= Beginning of Section =

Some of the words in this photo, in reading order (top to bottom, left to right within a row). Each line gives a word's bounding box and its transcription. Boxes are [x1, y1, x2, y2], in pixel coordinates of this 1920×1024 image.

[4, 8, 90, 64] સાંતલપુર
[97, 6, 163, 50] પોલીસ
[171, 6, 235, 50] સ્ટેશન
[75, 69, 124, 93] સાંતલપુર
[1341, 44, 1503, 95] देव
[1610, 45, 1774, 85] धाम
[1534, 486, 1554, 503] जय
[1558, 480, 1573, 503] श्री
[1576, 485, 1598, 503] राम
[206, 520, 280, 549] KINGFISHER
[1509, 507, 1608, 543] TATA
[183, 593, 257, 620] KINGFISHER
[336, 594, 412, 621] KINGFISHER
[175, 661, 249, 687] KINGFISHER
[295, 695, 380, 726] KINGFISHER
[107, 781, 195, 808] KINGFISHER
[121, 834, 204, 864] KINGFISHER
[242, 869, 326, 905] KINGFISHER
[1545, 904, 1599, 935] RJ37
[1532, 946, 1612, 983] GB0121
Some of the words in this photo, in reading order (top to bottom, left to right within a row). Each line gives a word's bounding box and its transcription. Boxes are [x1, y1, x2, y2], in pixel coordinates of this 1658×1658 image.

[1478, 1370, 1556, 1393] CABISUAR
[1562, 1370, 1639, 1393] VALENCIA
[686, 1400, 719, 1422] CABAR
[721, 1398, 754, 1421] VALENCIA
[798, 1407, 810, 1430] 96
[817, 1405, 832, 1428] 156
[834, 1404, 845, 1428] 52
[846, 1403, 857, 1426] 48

= End of Section =

Print all the data exactly.

* **Answer box**:
Some of the words in this photo, in reading order (top to bottom, left to right within a row). Each line gives a word's bounding box and its transcription. Boxes are [x1, y1, x2, y2], in pixel coordinates of this 1920×1024 image.

[4, 8, 90, 64] સાંતલપુર
[97, 6, 163, 50] પોલીસ
[171, 6, 235, 50] સ્ટેશન
[75, 69, 124, 93] સાંતલપુર
[1341, 44, 1503, 95] देव
[1610, 45, 1774, 85] धाम
[1534, 486, 1554, 503] जय
[1558, 480, 1573, 503] श्री
[1576, 485, 1598, 503] राम
[206, 520, 280, 549] KINGFISHER
[1509, 507, 1608, 543] TATA
[183, 593, 257, 620] KINGFISHER
[336, 594, 412, 621] KINGFISHER
[175, 661, 249, 687] KINGFISHER
[295, 695, 380, 726] KINGFISHER
[107, 781, 195, 808] KINGFISHER
[121, 834, 204, 864] KINGFISHER
[242, 869, 326, 905] KINGFISHER
[1545, 904, 1599, 935] RJ37
[1532, 946, 1612, 983] GB0121
Some of the words in this photo, in reading order (top to bottom, left to right within a row). Each line gives a word's bounding box and its transcription. Boxes are [x1, y1, x2, y2], in pixel coordinates of this 1658×1658 image.

[1478, 1370, 1556, 1393] CABISUAR
[1562, 1370, 1639, 1393] VALENCIA
[686, 1400, 719, 1422] CABAR
[721, 1398, 754, 1421] VALENCIA
[798, 1407, 810, 1430] 96
[817, 1405, 832, 1428] 156
[834, 1404, 845, 1428] 52
[846, 1403, 857, 1426] 48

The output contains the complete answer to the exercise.